* What is required *
Copy out the entire listing word for word.

__________

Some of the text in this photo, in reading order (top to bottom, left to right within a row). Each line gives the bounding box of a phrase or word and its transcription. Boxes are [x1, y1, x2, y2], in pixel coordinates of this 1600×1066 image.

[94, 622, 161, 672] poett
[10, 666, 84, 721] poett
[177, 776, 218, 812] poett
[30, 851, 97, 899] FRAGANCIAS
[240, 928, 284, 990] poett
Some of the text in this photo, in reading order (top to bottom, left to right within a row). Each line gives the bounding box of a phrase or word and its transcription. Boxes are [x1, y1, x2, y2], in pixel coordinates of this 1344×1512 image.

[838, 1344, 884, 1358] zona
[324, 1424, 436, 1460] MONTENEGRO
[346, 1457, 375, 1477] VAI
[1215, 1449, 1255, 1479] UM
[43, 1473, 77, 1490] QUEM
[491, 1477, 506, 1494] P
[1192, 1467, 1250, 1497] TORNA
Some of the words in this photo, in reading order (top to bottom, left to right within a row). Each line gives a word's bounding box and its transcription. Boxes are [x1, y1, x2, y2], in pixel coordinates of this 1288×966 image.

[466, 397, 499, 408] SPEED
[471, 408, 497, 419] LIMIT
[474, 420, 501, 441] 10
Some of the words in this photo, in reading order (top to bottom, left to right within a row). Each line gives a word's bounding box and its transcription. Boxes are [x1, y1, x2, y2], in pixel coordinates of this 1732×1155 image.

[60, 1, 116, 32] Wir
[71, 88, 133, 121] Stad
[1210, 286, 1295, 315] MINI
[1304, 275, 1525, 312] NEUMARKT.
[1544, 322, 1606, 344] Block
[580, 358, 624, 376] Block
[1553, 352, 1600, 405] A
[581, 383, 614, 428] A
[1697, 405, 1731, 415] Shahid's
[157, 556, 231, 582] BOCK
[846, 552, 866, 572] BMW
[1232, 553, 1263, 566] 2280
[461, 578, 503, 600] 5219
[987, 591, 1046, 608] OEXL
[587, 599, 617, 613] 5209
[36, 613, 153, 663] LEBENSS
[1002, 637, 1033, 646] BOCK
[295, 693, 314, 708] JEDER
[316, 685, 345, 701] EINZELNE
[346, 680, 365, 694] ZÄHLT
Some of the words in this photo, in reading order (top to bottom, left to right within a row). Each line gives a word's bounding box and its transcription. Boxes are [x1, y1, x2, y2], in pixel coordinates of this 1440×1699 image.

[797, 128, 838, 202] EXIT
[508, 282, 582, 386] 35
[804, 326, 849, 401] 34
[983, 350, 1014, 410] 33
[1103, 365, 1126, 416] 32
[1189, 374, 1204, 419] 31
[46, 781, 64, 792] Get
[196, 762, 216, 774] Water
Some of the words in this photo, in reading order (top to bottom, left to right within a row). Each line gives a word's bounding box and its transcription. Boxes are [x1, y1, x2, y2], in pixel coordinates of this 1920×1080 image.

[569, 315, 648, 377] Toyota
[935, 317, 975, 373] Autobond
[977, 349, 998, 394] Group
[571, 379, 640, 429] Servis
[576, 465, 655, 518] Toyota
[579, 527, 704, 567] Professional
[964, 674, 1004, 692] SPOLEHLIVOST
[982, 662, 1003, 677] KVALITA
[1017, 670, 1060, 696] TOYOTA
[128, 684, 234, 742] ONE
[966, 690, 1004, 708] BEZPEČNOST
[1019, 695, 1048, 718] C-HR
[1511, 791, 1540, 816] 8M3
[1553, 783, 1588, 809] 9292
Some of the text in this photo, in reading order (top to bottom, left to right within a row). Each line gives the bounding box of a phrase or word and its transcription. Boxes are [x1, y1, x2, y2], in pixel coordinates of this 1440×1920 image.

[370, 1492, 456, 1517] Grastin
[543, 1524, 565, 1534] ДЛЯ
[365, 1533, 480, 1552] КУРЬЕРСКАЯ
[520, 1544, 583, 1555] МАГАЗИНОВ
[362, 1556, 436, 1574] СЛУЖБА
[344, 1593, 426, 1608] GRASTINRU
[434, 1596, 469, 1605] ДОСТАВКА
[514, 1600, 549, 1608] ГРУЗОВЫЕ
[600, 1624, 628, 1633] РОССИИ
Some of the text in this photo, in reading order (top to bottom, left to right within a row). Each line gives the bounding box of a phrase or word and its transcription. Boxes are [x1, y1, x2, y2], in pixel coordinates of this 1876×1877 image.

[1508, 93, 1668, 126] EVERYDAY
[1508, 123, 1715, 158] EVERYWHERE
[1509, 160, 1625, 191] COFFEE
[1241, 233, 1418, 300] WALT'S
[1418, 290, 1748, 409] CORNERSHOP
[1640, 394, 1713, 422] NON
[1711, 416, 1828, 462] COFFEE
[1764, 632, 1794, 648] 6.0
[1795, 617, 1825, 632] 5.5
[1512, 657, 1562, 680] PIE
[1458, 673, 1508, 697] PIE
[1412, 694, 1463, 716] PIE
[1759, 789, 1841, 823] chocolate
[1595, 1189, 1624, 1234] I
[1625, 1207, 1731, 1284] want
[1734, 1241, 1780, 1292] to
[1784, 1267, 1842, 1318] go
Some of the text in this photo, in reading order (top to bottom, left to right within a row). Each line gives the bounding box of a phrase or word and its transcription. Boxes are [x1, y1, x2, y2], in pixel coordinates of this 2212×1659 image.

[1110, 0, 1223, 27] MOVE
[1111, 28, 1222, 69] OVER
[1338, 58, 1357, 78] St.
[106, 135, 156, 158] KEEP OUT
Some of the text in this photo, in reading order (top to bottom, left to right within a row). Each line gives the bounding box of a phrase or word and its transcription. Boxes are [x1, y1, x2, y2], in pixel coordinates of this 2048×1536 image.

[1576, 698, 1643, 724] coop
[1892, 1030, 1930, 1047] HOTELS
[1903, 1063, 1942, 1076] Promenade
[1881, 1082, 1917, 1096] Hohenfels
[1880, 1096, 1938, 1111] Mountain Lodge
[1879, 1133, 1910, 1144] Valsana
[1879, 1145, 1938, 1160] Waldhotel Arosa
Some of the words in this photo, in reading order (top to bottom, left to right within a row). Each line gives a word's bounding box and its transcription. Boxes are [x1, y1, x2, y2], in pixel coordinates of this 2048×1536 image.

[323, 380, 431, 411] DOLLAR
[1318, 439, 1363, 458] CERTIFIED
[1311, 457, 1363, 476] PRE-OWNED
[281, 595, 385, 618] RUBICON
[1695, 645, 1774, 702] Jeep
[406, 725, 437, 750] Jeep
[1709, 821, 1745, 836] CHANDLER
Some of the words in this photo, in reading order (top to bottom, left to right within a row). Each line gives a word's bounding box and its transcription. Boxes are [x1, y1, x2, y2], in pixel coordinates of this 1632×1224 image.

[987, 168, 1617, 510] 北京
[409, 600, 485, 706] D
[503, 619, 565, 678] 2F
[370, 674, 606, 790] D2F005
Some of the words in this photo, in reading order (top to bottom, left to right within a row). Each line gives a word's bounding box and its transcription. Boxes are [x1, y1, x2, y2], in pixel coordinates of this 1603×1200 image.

__________

* Solution below *
Some of the text in this photo, in reading order (top to bottom, left to right within a row). Each line gives the bounding box of a phrase or word and its transcription. Boxes are [x1, y1, x2, y2], in pixel coordinates of this 1600×1066 image.

[94, 622, 161, 672] poett
[10, 666, 84, 721] poett
[177, 776, 218, 812] poett
[30, 851, 97, 899] FRAGANCIAS
[240, 928, 284, 990] poett
Some of the text in this photo, in reading order (top to bottom, left to right within a row). Each line gives the bounding box of a phrase or word and its transcription. Boxes are [x1, y1, x2, y2], in pixel coordinates of this 1344×1512 image.

[838, 1344, 884, 1358] zona
[324, 1424, 436, 1460] MONTENEGRO
[346, 1457, 375, 1477] VAI
[1215, 1449, 1255, 1479] UM
[43, 1473, 77, 1490] QUEM
[491, 1477, 506, 1494] P
[1192, 1467, 1250, 1497] TORNA
Some of the words in this photo, in reading order (top to bottom, left to right within a row). Each line gives a word's bounding box and its transcription. Boxes are [x1, y1, x2, y2], in pixel coordinates of this 1288×966 image.

[466, 397, 499, 408] SPEED
[471, 408, 497, 419] LIMIT
[474, 420, 501, 441] 10
Some of the words in this photo, in reading order (top to bottom, left to right within a row). Each line gives a word's bounding box and its transcription. Boxes are [x1, y1, x2, y2], in pixel coordinates of this 1732×1155 image.

[60, 1, 116, 32] Wir
[71, 88, 133, 121] Stad
[1210, 286, 1295, 315] MINI
[1304, 275, 1525, 312] NEUMARKT.
[1544, 322, 1606, 344] Block
[580, 358, 624, 376] Block
[1553, 352, 1600, 405] A
[581, 383, 614, 428] A
[1697, 405, 1731, 415] Shahid's
[157, 556, 231, 582] BOCK
[846, 552, 866, 572] BMW
[1232, 553, 1263, 566] 2280
[461, 578, 503, 600] 5219
[987, 591, 1046, 608] OEXL
[587, 599, 617, 613] 5209
[36, 613, 153, 663] LEBENSS
[1002, 637, 1033, 646] BOCK
[295, 693, 314, 708] JEDER
[316, 685, 345, 701] EINZELNE
[346, 680, 365, 694] ZÄHLT
Some of the words in this photo, in reading order (top to bottom, left to right within a row). Each line gives a word's bounding box and its transcription. Boxes are [x1, y1, x2, y2], in pixel coordinates of this 1440×1699 image.

[797, 128, 838, 202] EXIT
[508, 282, 582, 386] 35
[804, 326, 849, 401] 34
[983, 350, 1014, 410] 33
[1103, 365, 1126, 416] 32
[1189, 374, 1204, 419] 31
[46, 781, 64, 792] Get
[196, 762, 216, 774] Water
Some of the words in this photo, in reading order (top to bottom, left to right within a row). Each line gives a word's bounding box and its transcription. Boxes are [x1, y1, x2, y2], in pixel coordinates of this 1920×1080 image.

[569, 315, 648, 377] Toyota
[935, 317, 975, 373] Autobond
[977, 349, 998, 394] Group
[571, 379, 640, 429] Servis
[576, 465, 655, 518] Toyota
[579, 527, 704, 567] Professional
[964, 674, 1004, 692] SPOLEHLIVOST
[982, 662, 1003, 677] KVALITA
[1017, 670, 1060, 696] TOYOTA
[128, 684, 234, 742] ONE
[966, 690, 1004, 708] BEZPEČNOST
[1019, 695, 1048, 718] C-HR
[1511, 791, 1540, 816] 8M3
[1553, 783, 1588, 809] 9292
Some of the text in this photo, in reading order (top to bottom, left to right within a row). Each line gives the bounding box of a phrase or word and its transcription. Boxes are [x1, y1, x2, y2], in pixel coordinates of this 1440×1920 image.

[370, 1492, 456, 1517] Grastin
[543, 1524, 565, 1534] ДЛЯ
[365, 1533, 480, 1552] КУРЬЕРСКАЯ
[520, 1544, 583, 1555] МАГАЗИНОВ
[362, 1556, 436, 1574] СЛУЖБА
[344, 1593, 426, 1608] GRASTINRU
[434, 1596, 469, 1605] ДОСТАВКА
[514, 1600, 549, 1608] ГРУЗОВЫЕ
[600, 1624, 628, 1633] РОССИИ
Some of the text in this photo, in reading order (top to bottom, left to right within a row). Each line gives the bounding box of a phrase or word and its transcription. Boxes are [x1, y1, x2, y2], in pixel coordinates of this 1876×1877 image.

[1508, 93, 1668, 126] EVERYDAY
[1508, 123, 1715, 158] EVERYWHERE
[1509, 160, 1625, 191] COFFEE
[1241, 233, 1418, 300] WALT'S
[1418, 290, 1748, 409] CORNERSHOP
[1640, 394, 1713, 422] NON
[1711, 416, 1828, 462] COFFEE
[1764, 632, 1794, 648] 6.0
[1795, 617, 1825, 632] 5.5
[1512, 657, 1562, 680] PIE
[1458, 673, 1508, 697] PIE
[1412, 694, 1463, 716] PIE
[1759, 789, 1841, 823] chocolate
[1595, 1189, 1624, 1234] I
[1625, 1207, 1731, 1284] want
[1734, 1241, 1780, 1292] to
[1784, 1267, 1842, 1318] go
Some of the text in this photo, in reading order (top to bottom, left to right within a row). Each line gives the bounding box of a phrase or word and its transcription. Boxes are [x1, y1, x2, y2], in pixel coordinates of this 2212×1659 image.

[1110, 0, 1223, 27] MOVE
[1111, 28, 1222, 69] OVER
[1338, 58, 1357, 78] St.
[106, 135, 156, 158] KEEP OUT
Some of the text in this photo, in reading order (top to bottom, left to right within a row). Each line gives the bounding box of a phrase or word and its transcription. Boxes are [x1, y1, x2, y2], in pixel coordinates of this 2048×1536 image.

[1576, 698, 1643, 724] coop
[1892, 1030, 1930, 1047] HOTELS
[1903, 1063, 1942, 1076] Promenade
[1881, 1082, 1917, 1096] Hohenfels
[1880, 1096, 1938, 1111] Mountain Lodge
[1879, 1133, 1910, 1144] Valsana
[1879, 1145, 1938, 1160] Waldhotel Arosa
Some of the words in this photo, in reading order (top to bottom, left to right within a row). Each line gives a word's bounding box and its transcription. Boxes are [x1, y1, x2, y2], in pixel coordinates of this 2048×1536 image.

[323, 380, 431, 411] DOLLAR
[1318, 439, 1363, 458] CERTIFIED
[1311, 457, 1363, 476] PRE-OWNED
[281, 595, 385, 618] RUBICON
[1695, 645, 1774, 702] Jeep
[406, 725, 437, 750] Jeep
[1709, 821, 1745, 836] CHANDLER
Some of the words in this photo, in reading order (top to bottom, left to right within a row). Each line gives a word's bounding box and its transcription. Boxes are [x1, y1, x2, y2], in pixel coordinates of this 1632×1224 image.

[987, 168, 1617, 510] 北京
[409, 600, 485, 706] D
[503, 619, 565, 678] 2F
[370, 674, 606, 790] D2F005
Some of the words in this photo, in reading order (top to bottom, left to right within a row). Each line gives a word's bounding box and its transcription. Boxes are [x1, y1, x2, y2], in pixel coordinates of this 1603×1200 image.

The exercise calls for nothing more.